Problem
When the records are reproduced, each one must match exactly, and no picture may be kept.
::: Data listing
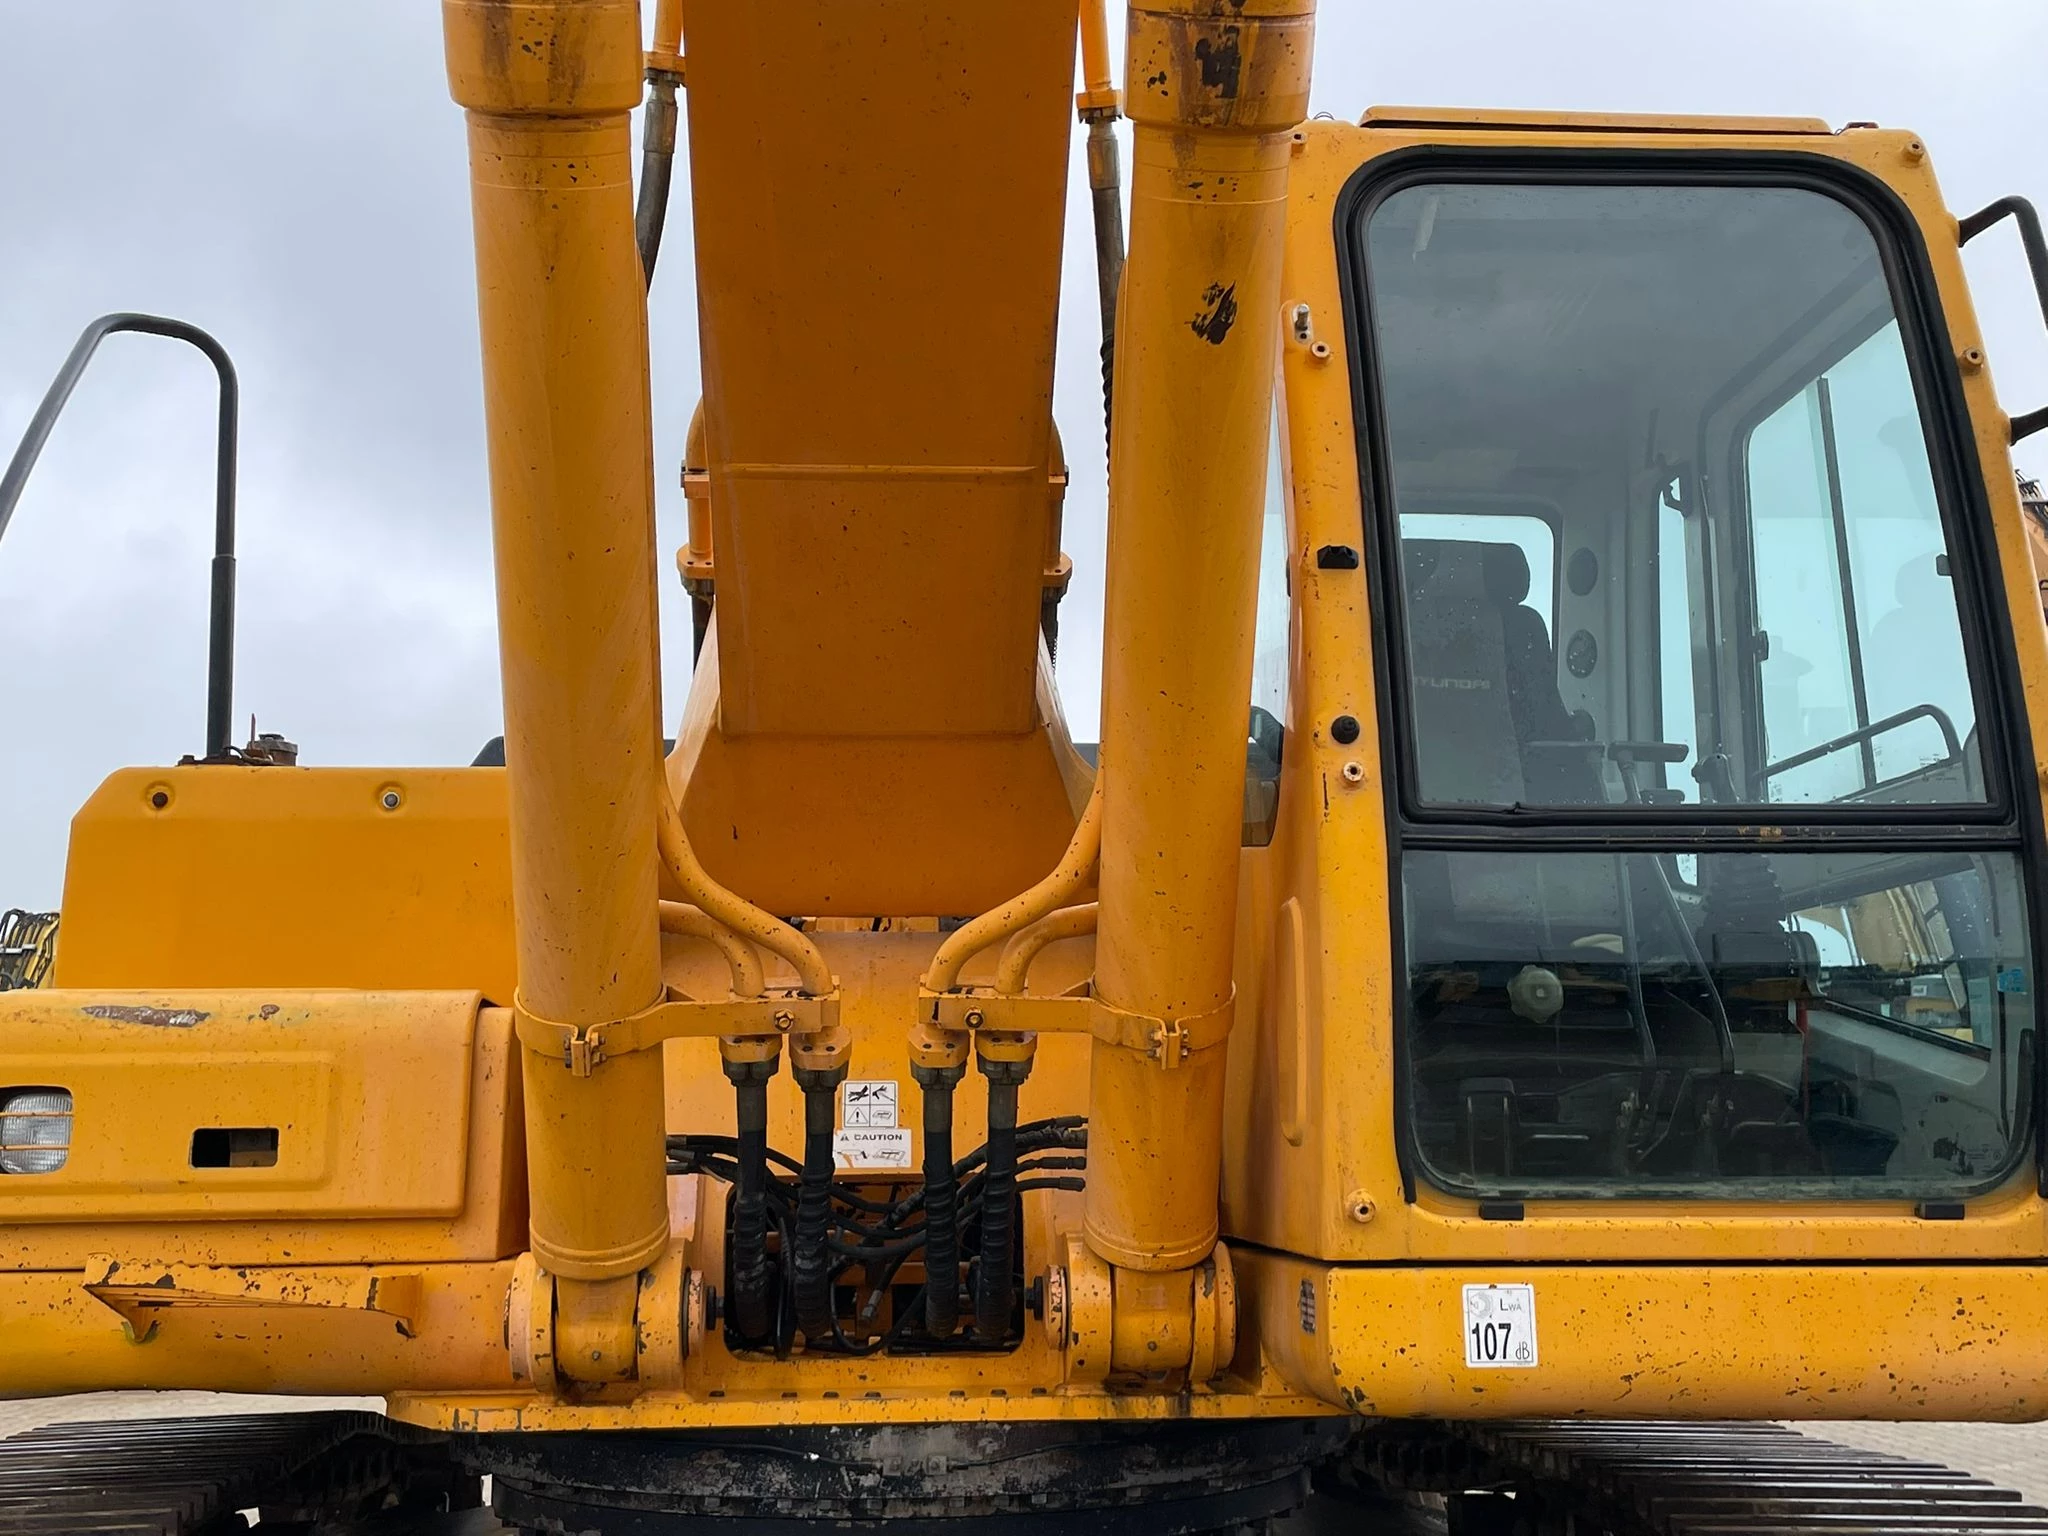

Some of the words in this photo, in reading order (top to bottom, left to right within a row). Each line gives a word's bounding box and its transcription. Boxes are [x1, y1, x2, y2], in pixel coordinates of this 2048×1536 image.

[854, 1133, 903, 1141] CAUTION
[1471, 1322, 1512, 1360] 107
[1515, 1341, 1530, 1360] dB
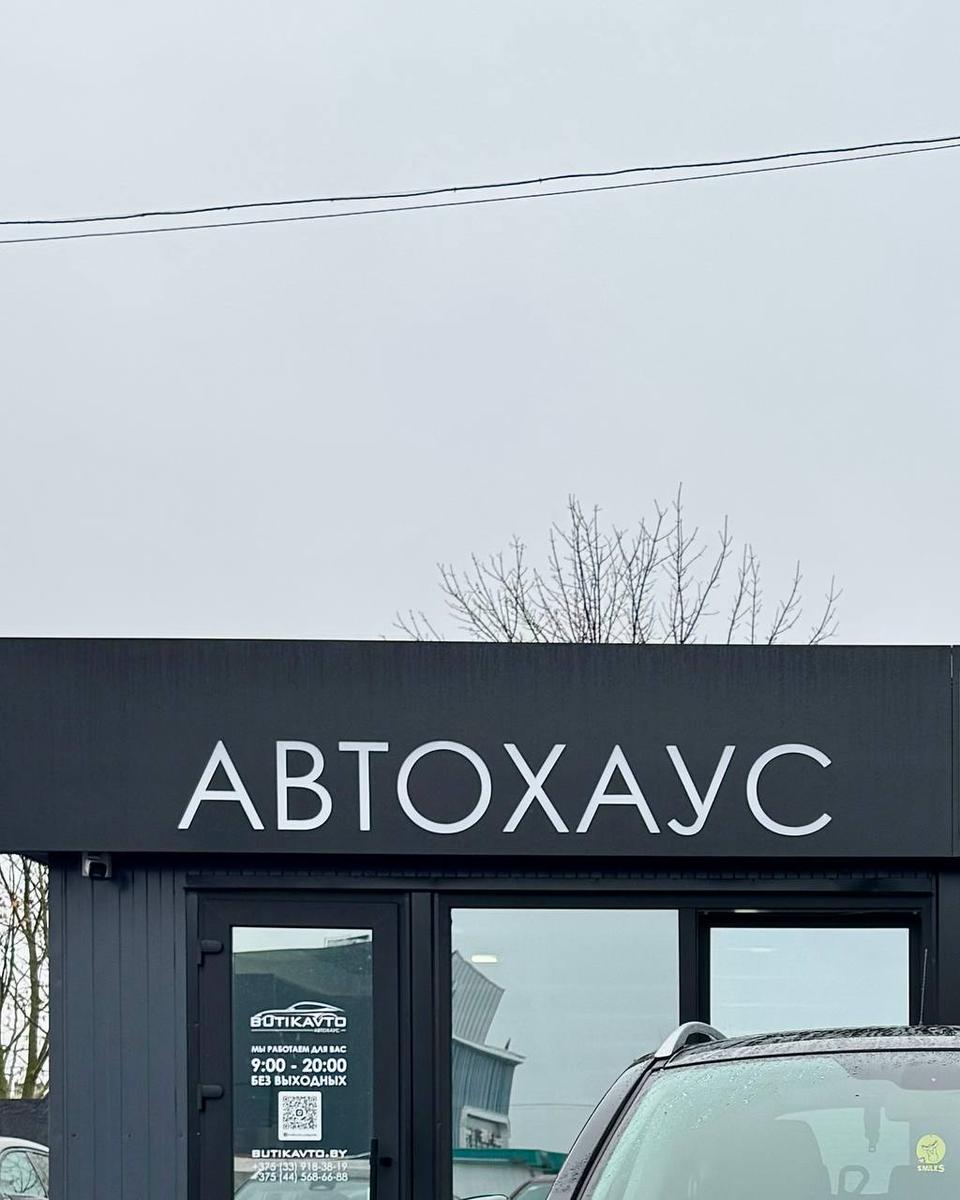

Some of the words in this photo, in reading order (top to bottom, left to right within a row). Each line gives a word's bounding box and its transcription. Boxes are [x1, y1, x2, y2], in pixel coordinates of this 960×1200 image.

[178, 740, 833, 837] АВТОХАУС
[250, 1016, 347, 1028] BUTIKAVTO
[251, 1045, 266, 1053] МЫ
[267, 1045, 310, 1053] РАБОТАЕМ
[311, 1045, 328, 1054] ДЛЯ
[329, 1045, 347, 1053] ВАС
[251, 1058, 286, 1073] 9:00
[302, 1058, 347, 1073] 20:00
[251, 1075, 272, 1086] БЕЗ
[274, 1075, 347, 1088] ВЫХОДНЫХ
[251, 1149, 348, 1158] BUTIKAVTO.BY
[279, 1171, 298, 1183] (44)
[300, 1171, 348, 1181] 568-66-88
::::::
Result
Some of the words in this photo, in reading order (top to bottom, left to right within a row). Each line gives a word's bounding box and its transcription. Boxes are [x1, y1, x2, y2], in pixel coordinates of this 2048×1536 image.

[854, 1133, 903, 1141] CAUTION
[1471, 1322, 1512, 1360] 107
[1515, 1341, 1530, 1360] dB

Some of the words in this photo, in reading order (top to bottom, left to right within a row). Each line gives a word's bounding box and its transcription. Boxes are [x1, y1, x2, y2], in pixel coordinates of this 960×1200 image.

[178, 740, 833, 837] АВТОХАУС
[250, 1016, 347, 1028] BUTIKAVTO
[251, 1045, 266, 1053] МЫ
[267, 1045, 310, 1053] РАБОТАЕМ
[311, 1045, 328, 1054] ДЛЯ
[329, 1045, 347, 1053] ВАС
[251, 1058, 286, 1073] 9:00
[302, 1058, 347, 1073] 20:00
[251, 1075, 272, 1086] БЕЗ
[274, 1075, 347, 1088] ВЫХОДНЫХ
[251, 1149, 348, 1158] BUTIKAVTO.BY
[279, 1171, 298, 1183] (44)
[300, 1171, 348, 1181] 568-66-88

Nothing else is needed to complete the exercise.